Exercise requirements.
Reproduce the entries word for word but drop every picture.

Stored data.
'''

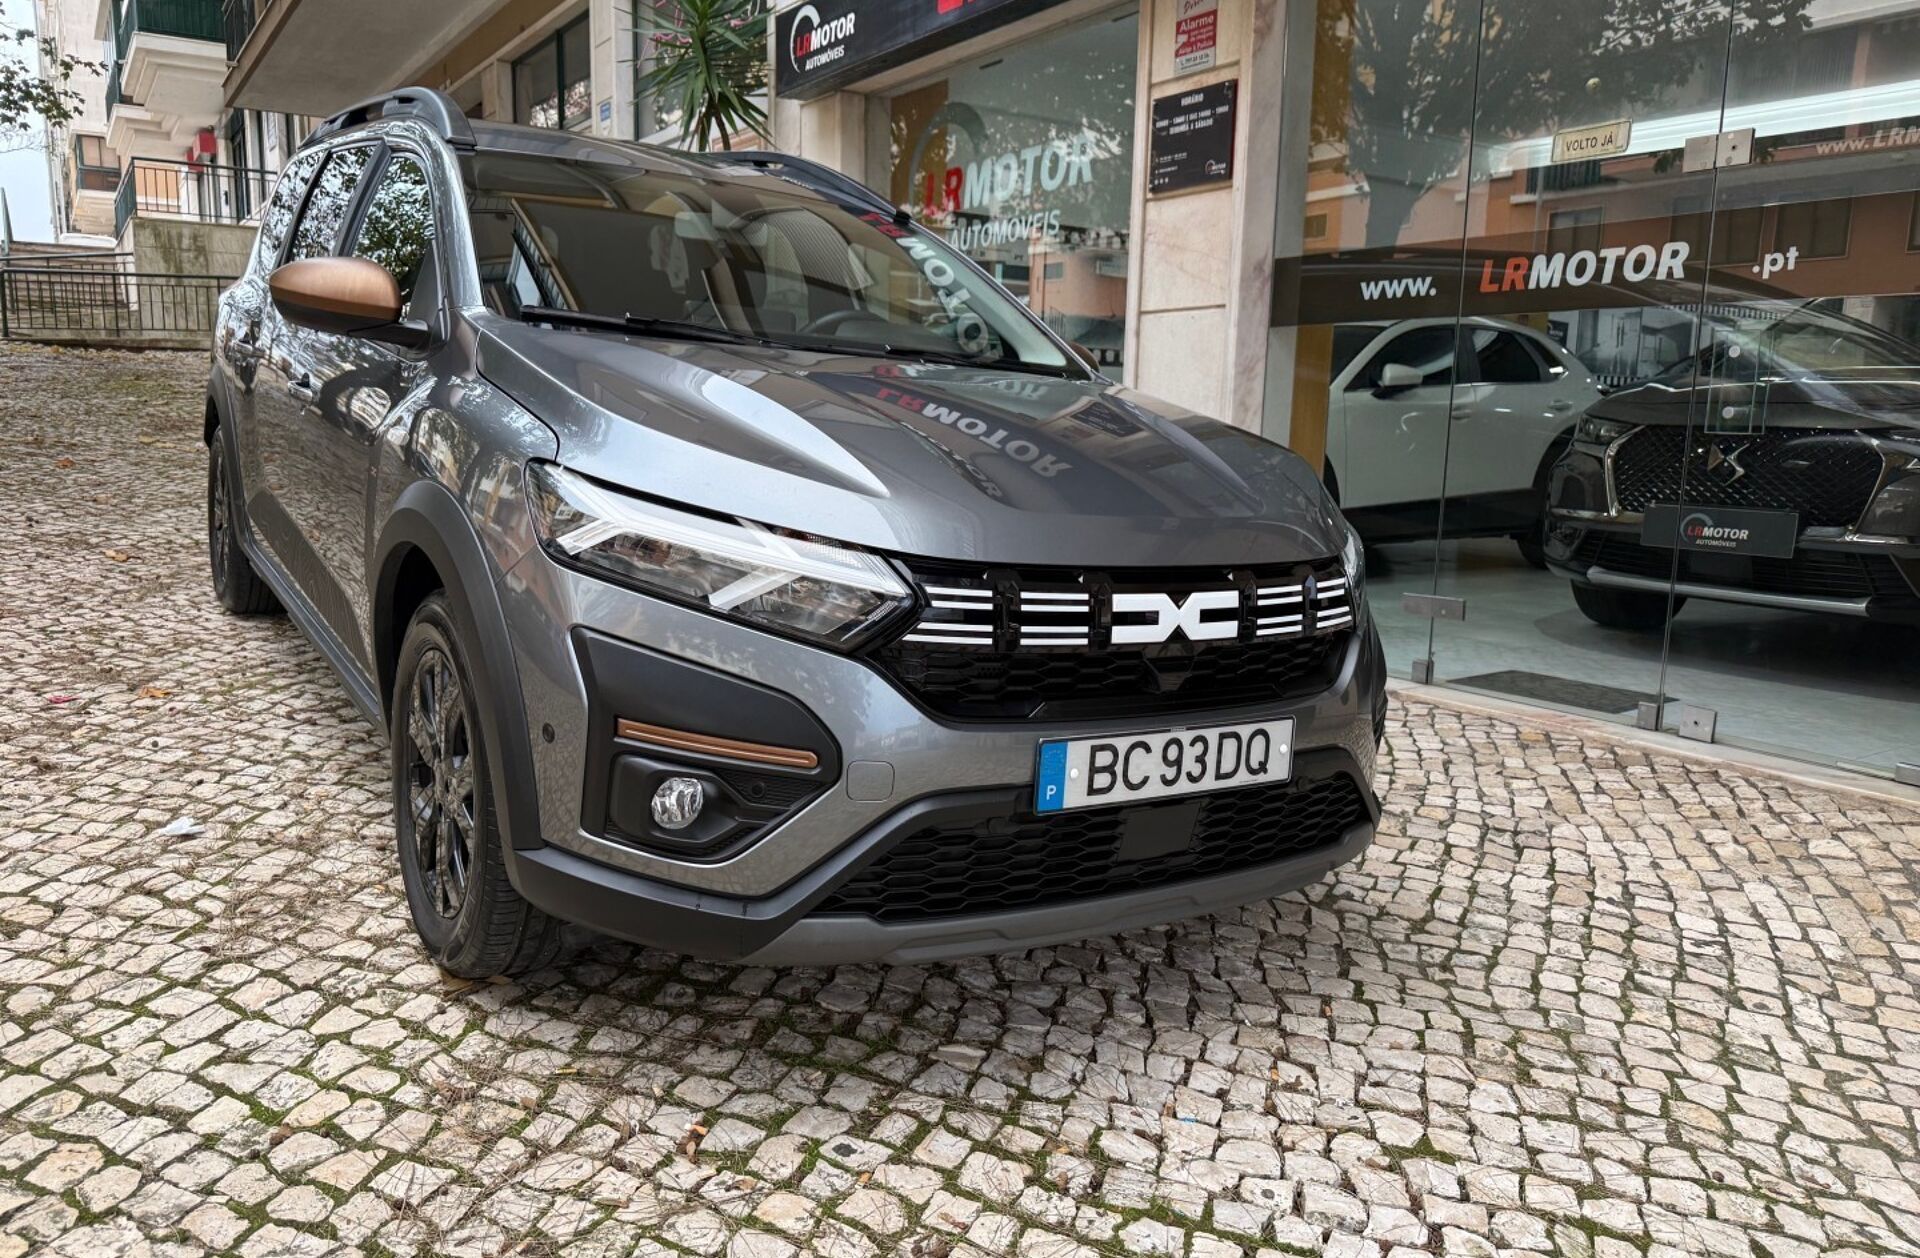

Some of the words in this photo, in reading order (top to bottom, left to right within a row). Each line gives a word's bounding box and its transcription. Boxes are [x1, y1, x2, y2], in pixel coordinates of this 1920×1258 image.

[1180, 15, 1214, 32] Alarme
[796, 12, 856, 57] LRMOTOR
[805, 44, 845, 71] AUTOMÓVEIS
[1566, 137, 1598, 151] VOLTO
[1601, 131, 1613, 146] JÁ
[1816, 139, 1869, 154] www.
[924, 133, 1092, 216] LRMOTOR
[1360, 277, 1436, 300] www.
[1480, 241, 1690, 293] LRMOTOR
[1752, 246, 1799, 279] .pt
[1687, 525, 1749, 540] LRMOTOR
[1046, 784, 1057, 801] P

'''

Reply to the task.
Some of the words in this photo, in reading order (top to bottom, left to right within a row). Each line gives a word's bounding box and its transcription. Boxes are [x1, y1, x2, y2], in pixel coordinates of this 1920×1258 image.

[1180, 15, 1214, 32] Alarme
[796, 12, 856, 57] LRMOTOR
[805, 44, 845, 71] AUTOMÓVEIS
[1566, 137, 1598, 151] VOLTO
[1601, 131, 1613, 146] JÁ
[1816, 139, 1869, 154] www.
[924, 133, 1092, 216] LRMOTOR
[1360, 277, 1436, 300] www.
[1480, 241, 1690, 293] LRMOTOR
[1752, 246, 1799, 279] .pt
[1687, 525, 1749, 540] LRMOTOR
[1046, 784, 1057, 801] P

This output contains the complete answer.